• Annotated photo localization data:
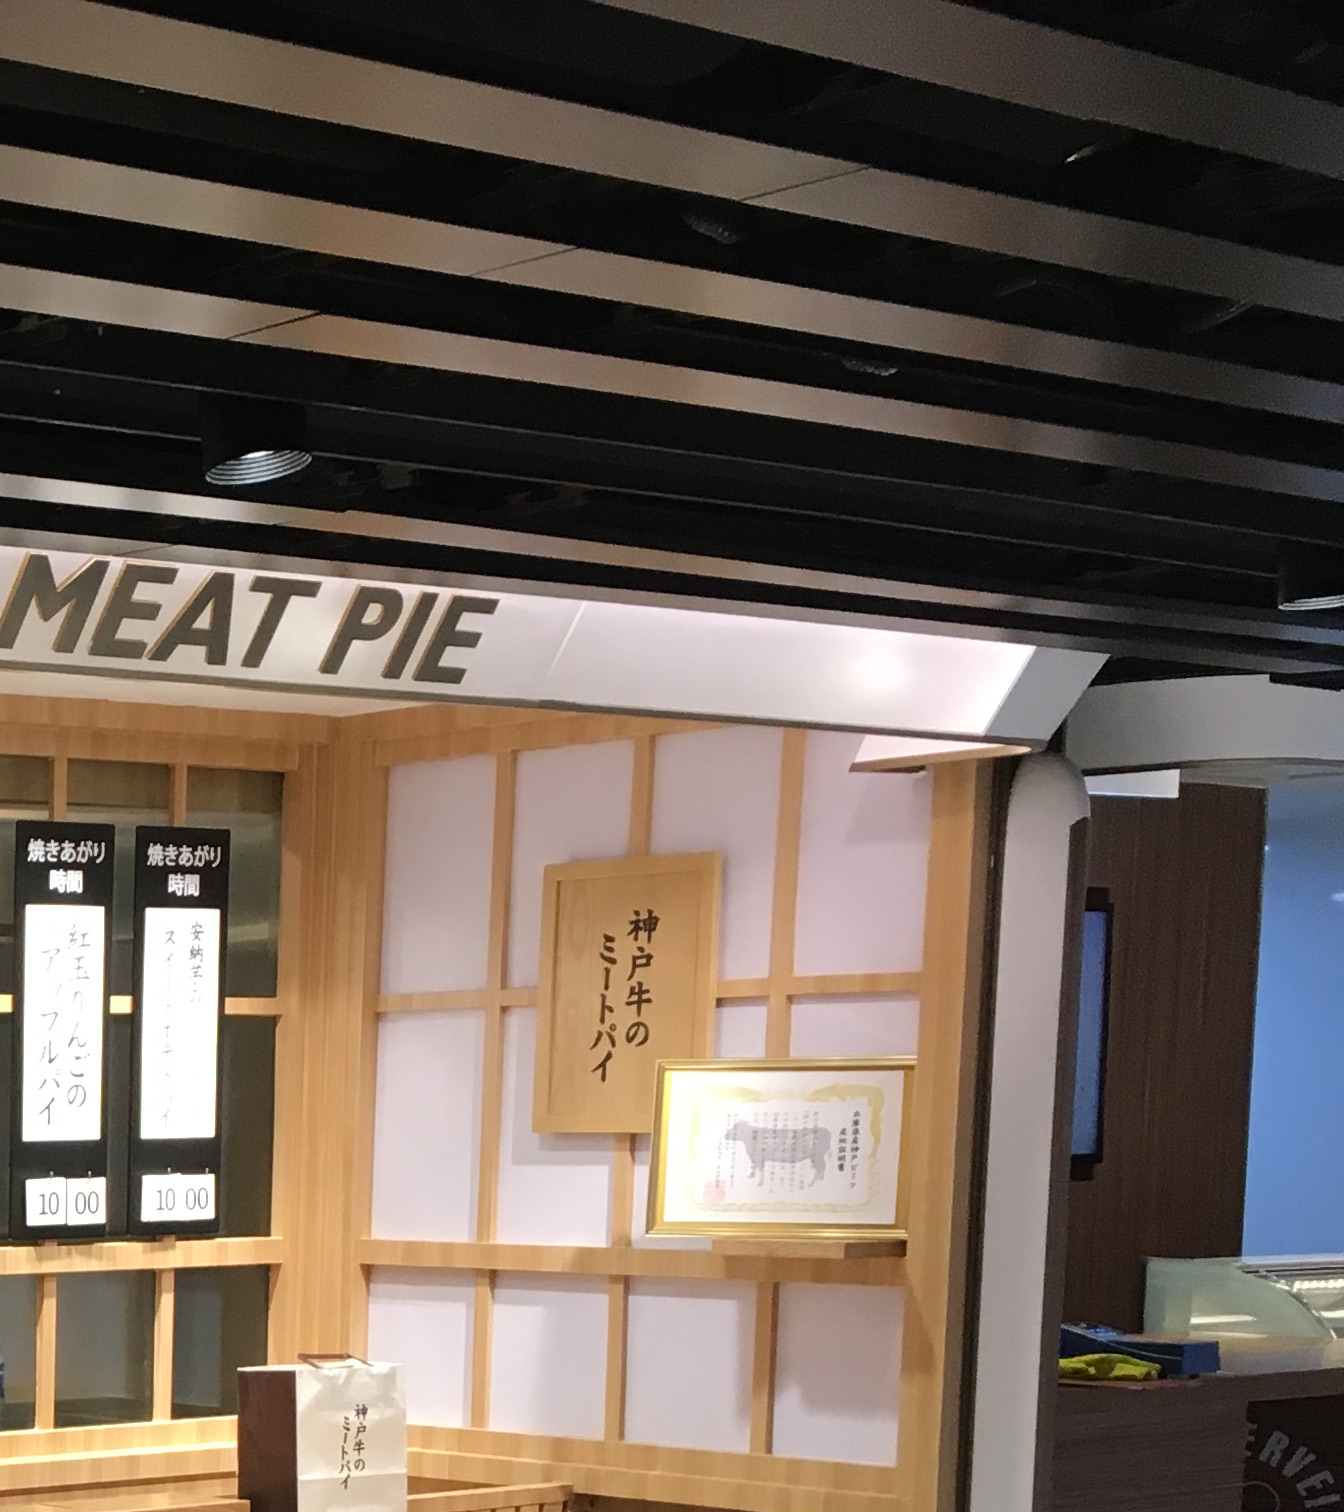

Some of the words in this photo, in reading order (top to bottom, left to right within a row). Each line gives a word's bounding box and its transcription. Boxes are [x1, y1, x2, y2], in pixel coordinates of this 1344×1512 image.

[319, 583, 500, 684] PIE
[27, 838, 106, 864] 焼きあがり
[147, 843, 222, 867] 焼きあがり
[49, 869, 83, 893] 時間
[167, 873, 200, 896] 時間
[624, 909, 660, 1048] 神戸牛の
[588, 933, 617, 1083] ミートパイ
[38, 1192, 60, 1215] 10
[75, 1191, 100, 1214] 00
[155, 1188, 175, 1211] 10
[185, 1187, 209, 1210] 00
[339, 1416, 351, 1489] ミートパイ
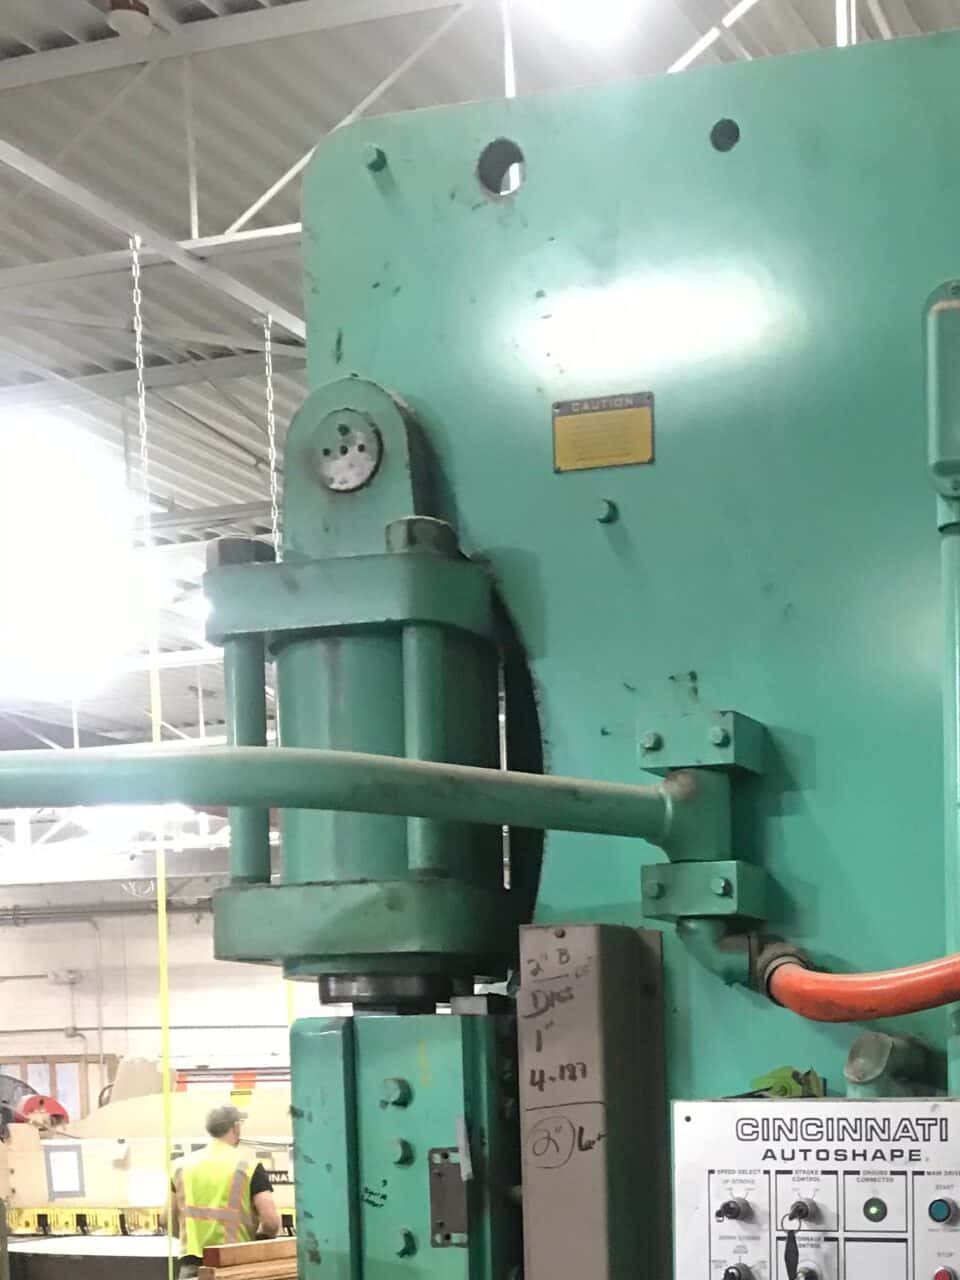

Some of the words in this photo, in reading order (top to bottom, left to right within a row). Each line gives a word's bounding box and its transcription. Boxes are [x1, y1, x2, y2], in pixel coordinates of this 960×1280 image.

• Task requirements: Because only the text is wanted, repeat all the entries exactly and leave out the pictures.

• Problem solution:
Some of the words in this photo, in reading order (top to bottom, left to right within a row). Each line gives a word's bounding box and its transcription. Boxes are [x1, y1, x2, y2], in pixel coordinates of this 1344×1512 image.

[319, 583, 500, 684] PIE
[27, 838, 106, 864] 焼きあがり
[147, 843, 222, 867] 焼きあがり
[49, 869, 83, 893] 時間
[167, 873, 200, 896] 時間
[624, 909, 660, 1048] 神戸牛の
[588, 933, 617, 1083] ミートパイ
[38, 1192, 60, 1215] 10
[75, 1191, 100, 1214] 00
[155, 1188, 175, 1211] 10
[185, 1187, 209, 1210] 00
[339, 1416, 351, 1489] ミートパイ

Some of the words in this photo, in reading order (top to bottom, left to right within a row). Each line gives a word's bounding box and its transcription. Boxes are [x1, y1, x2, y2], in pixel coordinates of this 960×1280 image.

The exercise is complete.